Colecionar, colecionar, colecionar

Muito tempo é “investido” neste colecionar de imagens, texturas, pequenas inspirações - Pinterest, Instagram, revistas, blogs, amostras físicas, se as houver. No meu caso, sendo uma casa inteira, vou criando seções no Pinterest, por divisão. Não há uma ordem, o importante é dar espaço à imaginação, mas facilita partir do mood geral, passando depois aos detalhes - cor, texturas e padrões. A ideia por trás do mood board não é apenas criar o ambiente, o “look”, o que se pretende é que esse ambiente deixe transparecer o “feeling” que queremos para o espaço (deixei as palavras em inglês porque descrevem melhor do que a tradução…). Que emoções queremos passar? Calma e tranquilidade, ou algo mais vibrante e enérgico? Vamos focar-nos no natural, com cores e formas orgânicas? Algo mais quente e cozy? Ou mais frio e sofisticado? Queremos que o espaço nos remeta para um outro país ou memória? Qual a essência do nosso projeto? 
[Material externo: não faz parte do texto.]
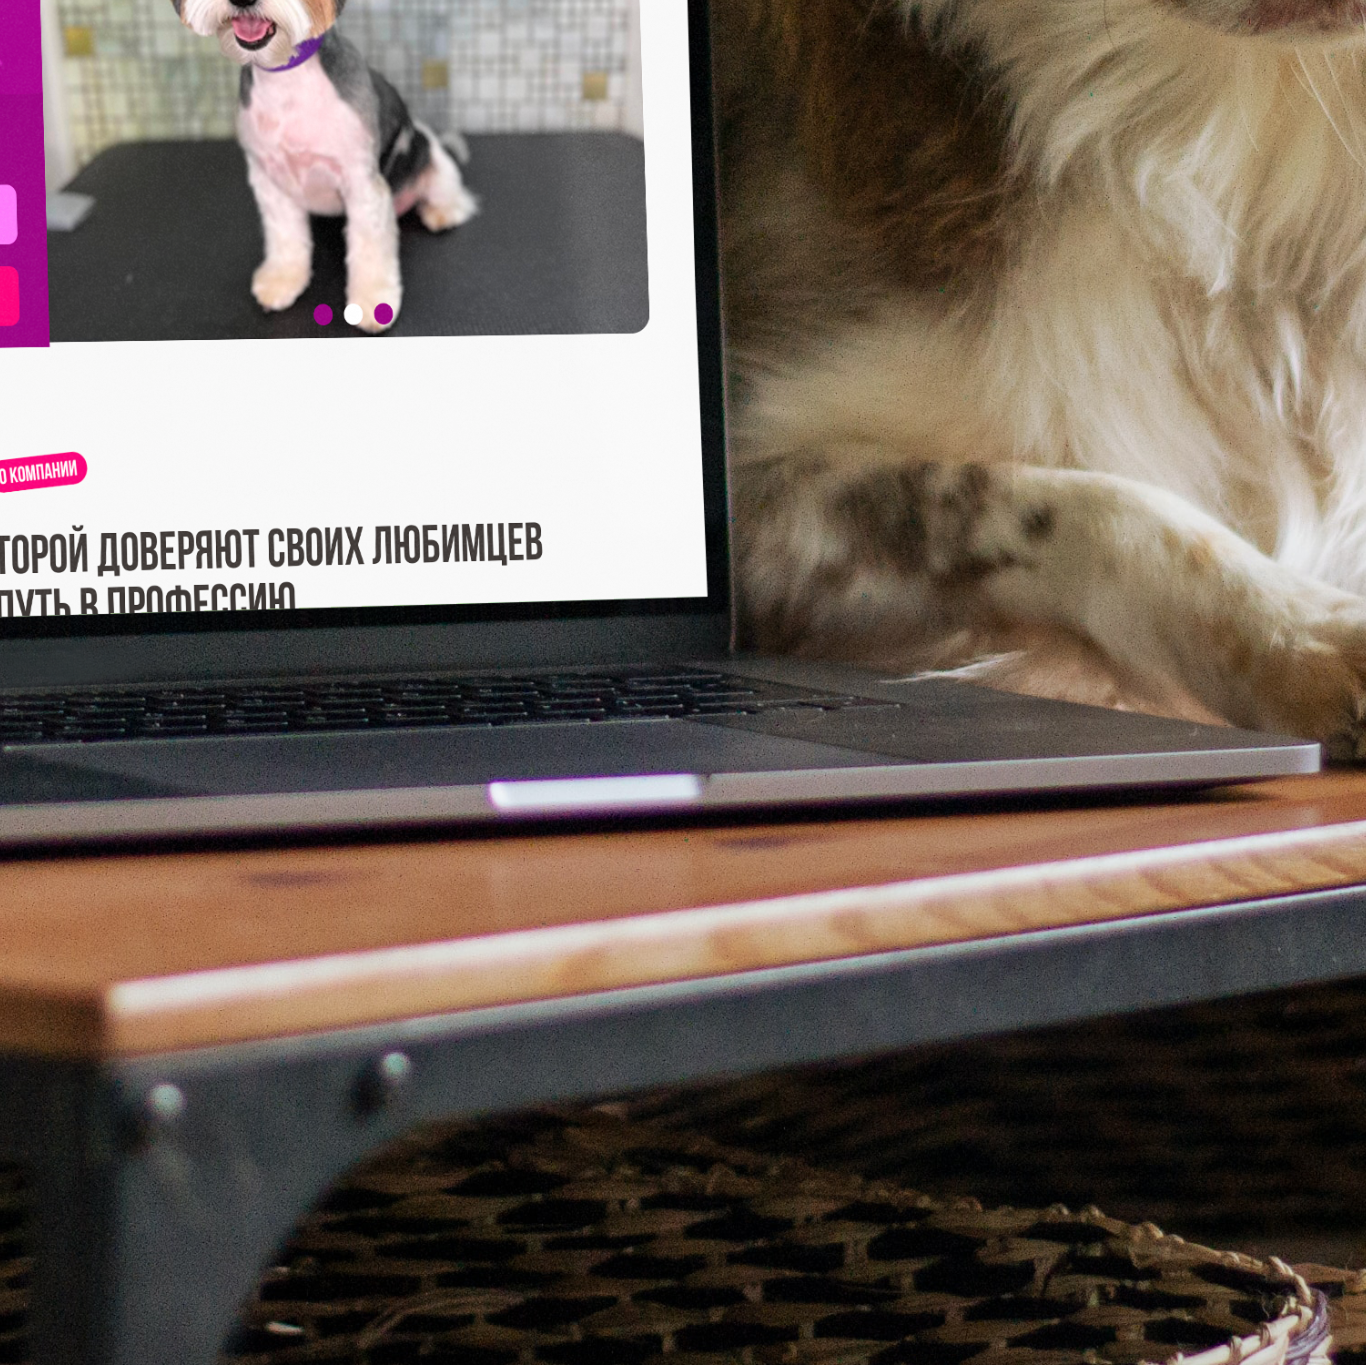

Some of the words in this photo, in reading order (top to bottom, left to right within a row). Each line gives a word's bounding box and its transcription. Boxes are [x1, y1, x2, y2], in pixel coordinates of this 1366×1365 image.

[10, 460, 78, 483] КОМПАНИИ
[97, 528, 260, 577] ДОВЕРЯЮТ
[267, 526, 365, 568] СВОИХ
[372, 521, 543, 567] ЛЮБИМЦЕВ
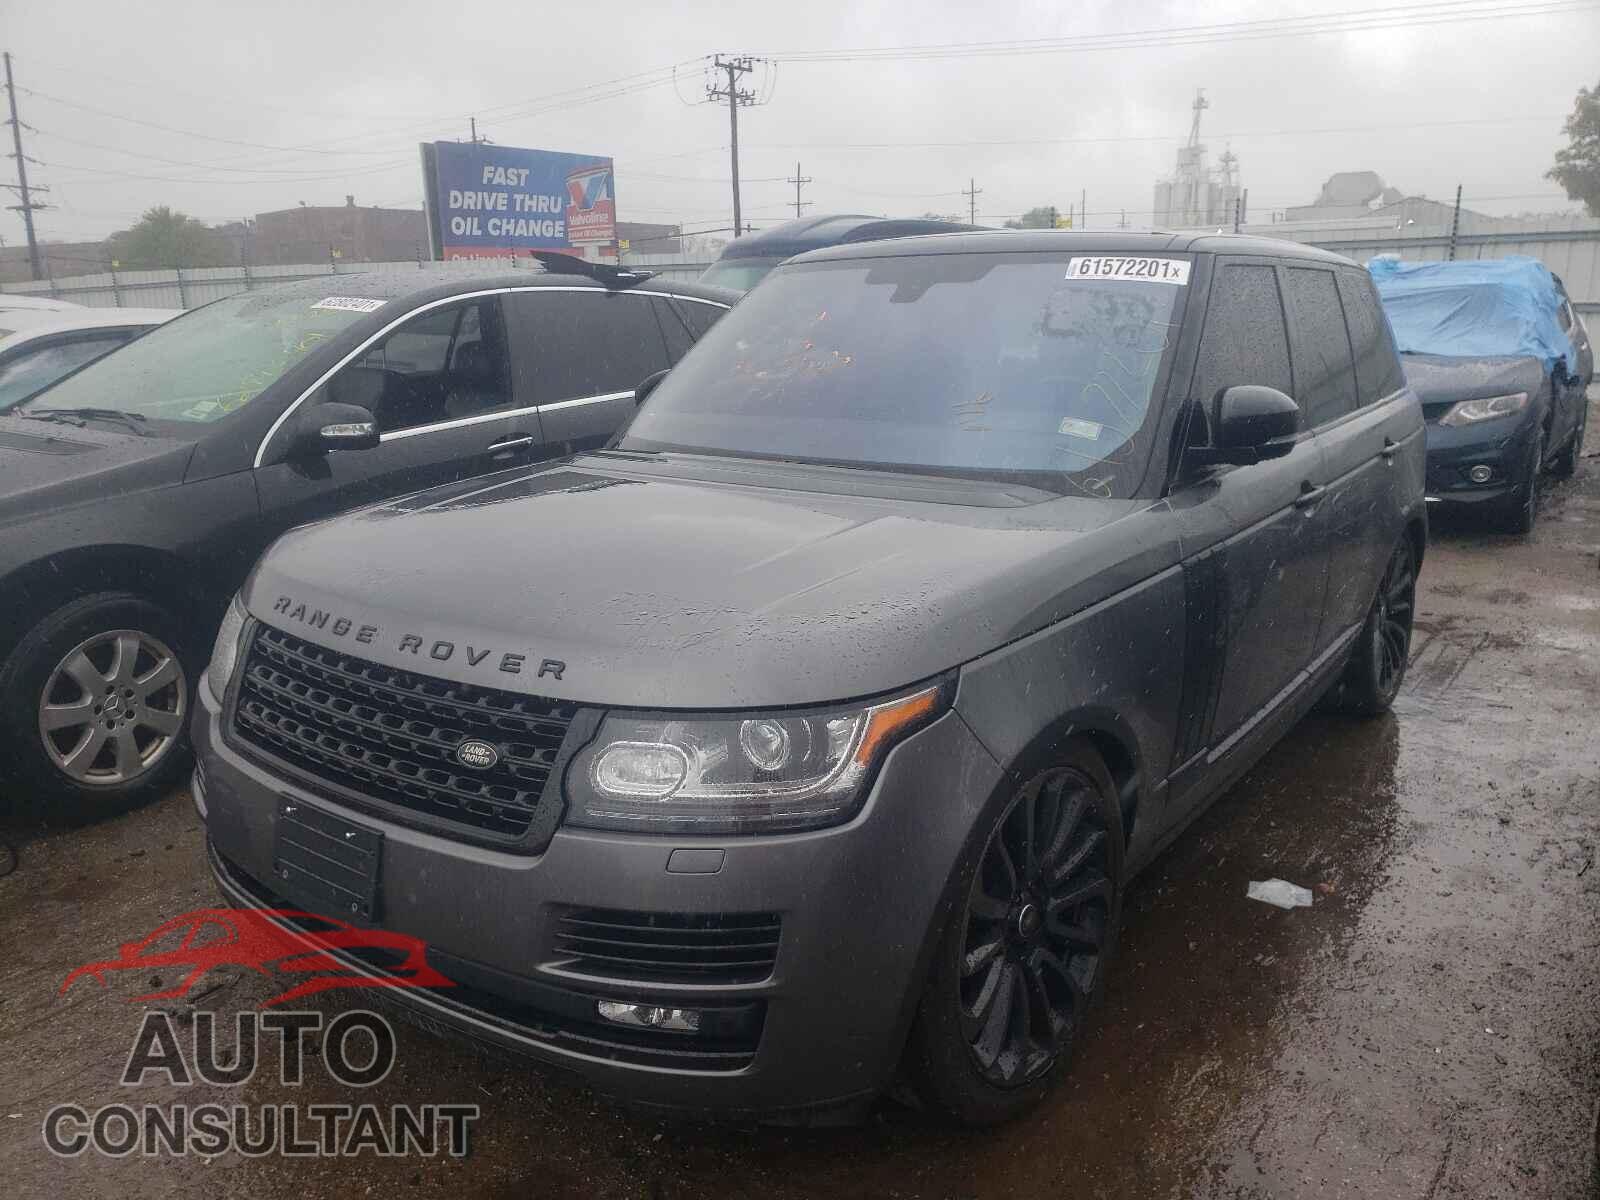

Mood board para quarto de criança que traduz uma preocupação ecológica e de sustentabilidade, com abordagem Montessoriana.

Curadoria
Agora que já temos um “banco” de imagens e uma noção do “feeling” que queremos para o espaço, começamos uma seleção mais fina e estruturada, para mim a parte mais difícil. Aqui a ideia é literalmente brincar com as imagens, colocar umas ao lado das outras e ir ajustando, até nos sentirmos plenamente satisfeitos. Há vários softwares, mas um simples Power point serve perfeitamente. A palete de cores também pode ficar já definida, as cinco cores mais preponderantes será suficiente. 
Se este passo se torna muito complicado, por termos várias ideias que competem entre si, o melhor será criar vários mood boards e deixá-los amadurecer por alguns dias. De que forma cada um deles nos faz sentir? Com o tempo conseguimos ter um maior distanciamento e uma noção mais clara do que realmente pretendemos. 

Mood board para sala de uma Alentejana de gema, apaixonada por costura e crochet, a residir no Porto. 

O passo seguinte, é a concretização com o Concept board, em que já procuramos as peças específicas, tendo sempre como fio condutor o Mood board.

Embora aqui me refira a Mood boards para design de interiores, a verdade é que esta ferramenta pode ser muito útil noutras áreas criativas, por exemplo no desenvolvimento gráfico de uma marca ou para projetar um evento. Enfim, é todo um mundo para explorar e deixar a imaginação fluir.